| Directions |
For each record that follows, write out an identical copy.

===== Provided records

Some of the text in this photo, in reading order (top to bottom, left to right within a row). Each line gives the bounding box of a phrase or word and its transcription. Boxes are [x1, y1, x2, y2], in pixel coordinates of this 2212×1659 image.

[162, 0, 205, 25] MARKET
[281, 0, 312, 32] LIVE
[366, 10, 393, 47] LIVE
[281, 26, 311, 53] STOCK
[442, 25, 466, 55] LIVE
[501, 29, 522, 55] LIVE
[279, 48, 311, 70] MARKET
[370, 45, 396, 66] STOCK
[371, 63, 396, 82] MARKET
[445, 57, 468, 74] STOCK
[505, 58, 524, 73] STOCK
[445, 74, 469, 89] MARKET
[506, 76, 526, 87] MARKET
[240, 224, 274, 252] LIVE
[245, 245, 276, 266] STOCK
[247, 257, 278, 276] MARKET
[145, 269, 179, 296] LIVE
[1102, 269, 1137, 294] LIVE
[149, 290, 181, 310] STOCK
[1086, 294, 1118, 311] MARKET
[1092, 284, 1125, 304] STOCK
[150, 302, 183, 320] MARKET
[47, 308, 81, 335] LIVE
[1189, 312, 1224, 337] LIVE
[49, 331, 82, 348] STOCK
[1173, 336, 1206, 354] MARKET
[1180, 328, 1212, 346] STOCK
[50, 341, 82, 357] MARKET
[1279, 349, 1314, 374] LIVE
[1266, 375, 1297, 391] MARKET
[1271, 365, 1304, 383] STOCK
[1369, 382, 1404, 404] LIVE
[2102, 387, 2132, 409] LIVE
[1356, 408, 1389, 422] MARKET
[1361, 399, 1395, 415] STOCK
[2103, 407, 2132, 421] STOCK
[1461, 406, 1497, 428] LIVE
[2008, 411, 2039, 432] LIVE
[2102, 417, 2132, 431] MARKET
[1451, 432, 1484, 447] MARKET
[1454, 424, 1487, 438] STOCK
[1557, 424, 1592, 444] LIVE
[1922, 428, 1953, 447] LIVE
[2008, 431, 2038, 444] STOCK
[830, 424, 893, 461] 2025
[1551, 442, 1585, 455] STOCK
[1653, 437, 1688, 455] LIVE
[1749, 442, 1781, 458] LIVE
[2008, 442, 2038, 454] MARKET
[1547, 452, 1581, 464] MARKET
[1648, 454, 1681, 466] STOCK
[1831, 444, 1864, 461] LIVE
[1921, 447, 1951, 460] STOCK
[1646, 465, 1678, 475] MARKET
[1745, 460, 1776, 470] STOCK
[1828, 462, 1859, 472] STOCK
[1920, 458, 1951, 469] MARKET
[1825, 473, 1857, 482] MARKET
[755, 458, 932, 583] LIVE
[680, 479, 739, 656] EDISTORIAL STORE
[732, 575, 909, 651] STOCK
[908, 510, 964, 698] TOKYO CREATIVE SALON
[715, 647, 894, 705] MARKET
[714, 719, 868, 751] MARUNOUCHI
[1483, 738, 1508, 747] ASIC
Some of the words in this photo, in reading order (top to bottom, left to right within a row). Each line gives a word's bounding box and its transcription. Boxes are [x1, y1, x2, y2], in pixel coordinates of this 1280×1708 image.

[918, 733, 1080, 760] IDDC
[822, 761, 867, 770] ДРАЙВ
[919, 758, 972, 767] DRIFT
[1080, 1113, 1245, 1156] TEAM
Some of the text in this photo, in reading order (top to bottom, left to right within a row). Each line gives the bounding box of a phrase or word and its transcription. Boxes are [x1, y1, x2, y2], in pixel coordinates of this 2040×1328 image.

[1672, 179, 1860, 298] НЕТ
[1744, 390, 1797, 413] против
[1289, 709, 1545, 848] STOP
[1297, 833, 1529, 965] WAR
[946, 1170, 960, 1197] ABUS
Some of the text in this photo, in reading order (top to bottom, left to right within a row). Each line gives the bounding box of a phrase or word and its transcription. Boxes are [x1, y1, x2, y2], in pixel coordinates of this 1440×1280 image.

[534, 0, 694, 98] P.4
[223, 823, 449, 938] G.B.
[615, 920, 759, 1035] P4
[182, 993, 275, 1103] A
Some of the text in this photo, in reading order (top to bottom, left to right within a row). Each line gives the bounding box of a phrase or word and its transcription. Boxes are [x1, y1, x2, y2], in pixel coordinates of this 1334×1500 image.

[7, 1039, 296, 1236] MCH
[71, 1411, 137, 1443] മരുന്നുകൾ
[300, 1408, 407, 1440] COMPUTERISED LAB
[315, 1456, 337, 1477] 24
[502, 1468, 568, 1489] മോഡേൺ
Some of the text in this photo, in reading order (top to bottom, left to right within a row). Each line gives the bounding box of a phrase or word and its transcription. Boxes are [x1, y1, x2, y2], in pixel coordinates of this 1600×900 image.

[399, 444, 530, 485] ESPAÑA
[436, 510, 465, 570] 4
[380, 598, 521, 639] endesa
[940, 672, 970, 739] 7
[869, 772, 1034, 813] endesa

==========

| Output of the task |
Some of the text in this photo, in reading order (top to bottom, left to right within a row). Each line gives the bounding box of a phrase or word and its transcription. Boxes are [x1, y1, x2, y2], in pixel coordinates of this 2212×1659 image.

[162, 0, 205, 25] MARKET
[281, 0, 312, 32] LIVE
[366, 10, 393, 47] LIVE
[281, 26, 311, 53] STOCK
[442, 25, 466, 55] LIVE
[501, 29, 522, 55] LIVE
[279, 48, 311, 70] MARKET
[370, 45, 396, 66] STOCK
[371, 63, 396, 82] MARKET
[445, 57, 468, 74] STOCK
[505, 58, 524, 73] STOCK
[445, 74, 469, 89] MARKET
[506, 76, 526, 87] MARKET
[240, 224, 274, 252] LIVE
[245, 245, 276, 266] STOCK
[247, 257, 278, 276] MARKET
[145, 269, 179, 296] LIVE
[1102, 269, 1137, 294] LIVE
[149, 290, 181, 310] STOCK
[1086, 294, 1118, 311] MARKET
[1092, 284, 1125, 304] STOCK
[150, 302, 183, 320] MARKET
[47, 308, 81, 335] LIVE
[1189, 312, 1224, 337] LIVE
[49, 331, 82, 348] STOCK
[1173, 336, 1206, 354] MARKET
[1180, 328, 1212, 346] STOCK
[50, 341, 82, 357] MARKET
[1279, 349, 1314, 374] LIVE
[1266, 375, 1297, 391] MARKET
[1271, 365, 1304, 383] STOCK
[1369, 382, 1404, 404] LIVE
[2102, 387, 2132, 409] LIVE
[1356, 408, 1389, 422] MARKET
[1361, 399, 1395, 415] STOCK
[2103, 407, 2132, 421] STOCK
[1461, 406, 1497, 428] LIVE
[2008, 411, 2039, 432] LIVE
[2102, 417, 2132, 431] MARKET
[1451, 432, 1484, 447] MARKET
[1454, 424, 1487, 438] STOCK
[1557, 424, 1592, 444] LIVE
[1922, 428, 1953, 447] LIVE
[2008, 431, 2038, 444] STOCK
[830, 424, 893, 461] 2025
[1551, 442, 1585, 455] STOCK
[1653, 437, 1688, 455] LIVE
[1749, 442, 1781, 458] LIVE
[2008, 442, 2038, 454] MARKET
[1547, 452, 1581, 464] MARKET
[1648, 454, 1681, 466] STOCK
[1831, 444, 1864, 461] LIVE
[1921, 447, 1951, 460] STOCK
[1646, 465, 1678, 475] MARKET
[1745, 460, 1776, 470] STOCK
[1828, 462, 1859, 472] STOCK
[1920, 458, 1951, 469] MARKET
[1825, 473, 1857, 482] MARKET
[755, 458, 932, 583] LIVE
[680, 479, 739, 656] EDISTORIAL STORE
[732, 575, 909, 651] STOCK
[908, 510, 964, 698] TOKYO CREATIVE SALON
[715, 647, 894, 705] MARKET
[714, 719, 868, 751] MARUNOUCHI
[1483, 738, 1508, 747] ASIC
Some of the words in this photo, in reading order (top to bottom, left to right within a row). Each line gives a word's bounding box and its transcription. Boxes are [x1, y1, x2, y2], in pixel coordinates of this 1280×1708 image.

[918, 733, 1080, 760] IDDC
[822, 761, 867, 770] ДРАЙВ
[919, 758, 972, 767] DRIFT
[1080, 1113, 1245, 1156] TEAM
Some of the text in this photo, in reading order (top to bottom, left to right within a row). Each line gives the bounding box of a phrase or word and its transcription. Boxes are [x1, y1, x2, y2], in pixel coordinates of this 2040×1328 image.

[1672, 179, 1860, 298] НЕТ
[1744, 390, 1797, 413] против
[1289, 709, 1545, 848] STOP
[1297, 833, 1529, 965] WAR
[946, 1170, 960, 1197] ABUS
Some of the text in this photo, in reading order (top to bottom, left to right within a row). Each line gives the bounding box of a phrase or word and its transcription. Boxes are [x1, y1, x2, y2], in pixel coordinates of this 1440×1280 image.

[534, 0, 694, 98] P.4
[223, 823, 449, 938] G.B.
[615, 920, 759, 1035] P4
[182, 993, 275, 1103] A
Some of the text in this photo, in reading order (top to bottom, left to right within a row). Each line gives the bounding box of a phrase or word and its transcription. Boxes are [x1, y1, x2, y2], in pixel coordinates of this 1334×1500 image.

[7, 1039, 296, 1236] MCH
[71, 1411, 137, 1443] മരുന്നുകൾ
[300, 1408, 407, 1440] COMPUTERISED LAB
[315, 1456, 337, 1477] 24
[502, 1468, 568, 1489] മോഡേൺ
Some of the text in this photo, in reading order (top to bottom, left to right within a row). Each line gives the bounding box of a phrase or word and its transcription. Boxes are [x1, y1, x2, y2], in pixel coordinates of this 1600×900 image.

[399, 444, 530, 485] ESPAÑA
[436, 510, 465, 570] 4
[380, 598, 521, 639] endesa
[940, 672, 970, 739] 7
[869, 772, 1034, 813] endesa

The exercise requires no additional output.